*Task directions:* What you return should be the full listing, copied exactly and stripped of its pictures.

*Record excerpts:*

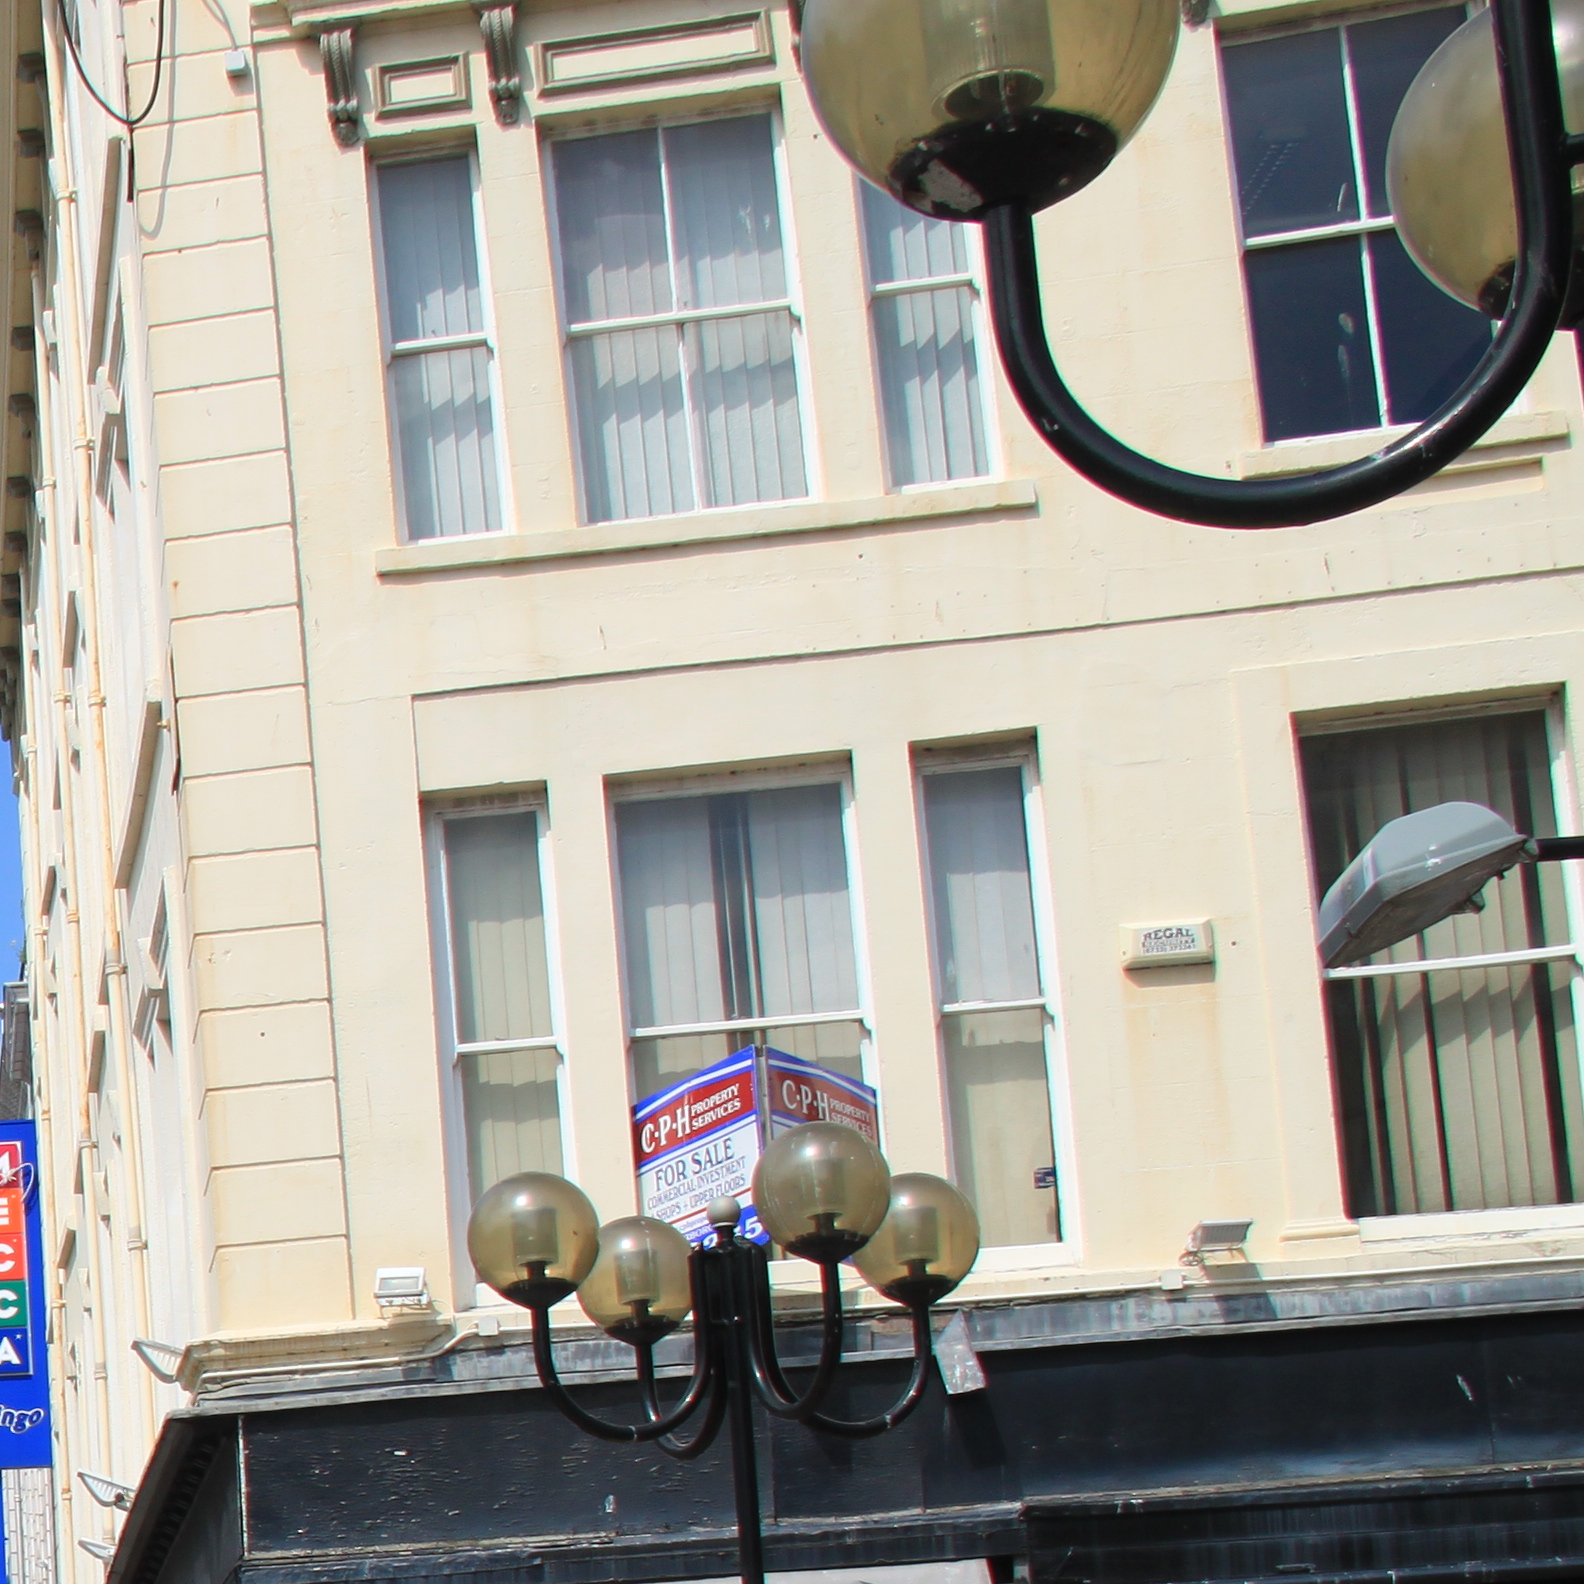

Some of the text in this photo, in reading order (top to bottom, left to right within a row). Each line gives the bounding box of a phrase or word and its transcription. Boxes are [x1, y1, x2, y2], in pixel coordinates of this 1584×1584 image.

[1143, 928, 1194, 940] REGAL
[691, 1083, 740, 1116] PROPERTY
[692, 1100, 742, 1131] SERVICES
[830, 1097, 870, 1122] PROPERTY
[654, 1137, 735, 1192] FOR SALE
[689, 1188, 715, 1208] UPPER
[716, 1174, 746, 1197] FLOORS

*Exercise answer:*
Some of the text in this photo, in reading order (top to bottom, left to right within a row). Each line gives the bounding box of a phrase or word and its transcription. Boxes are [x1, y1, x2, y2], in pixel coordinates of this 1584×1584 image.

[1143, 928, 1194, 940] REGAL
[691, 1083, 740, 1116] PROPERTY
[692, 1100, 742, 1131] SERVICES
[830, 1097, 870, 1122] PROPERTY
[654, 1137, 735, 1192] FOR SALE
[689, 1188, 715, 1208] UPPER
[716, 1174, 746, 1197] FLOORS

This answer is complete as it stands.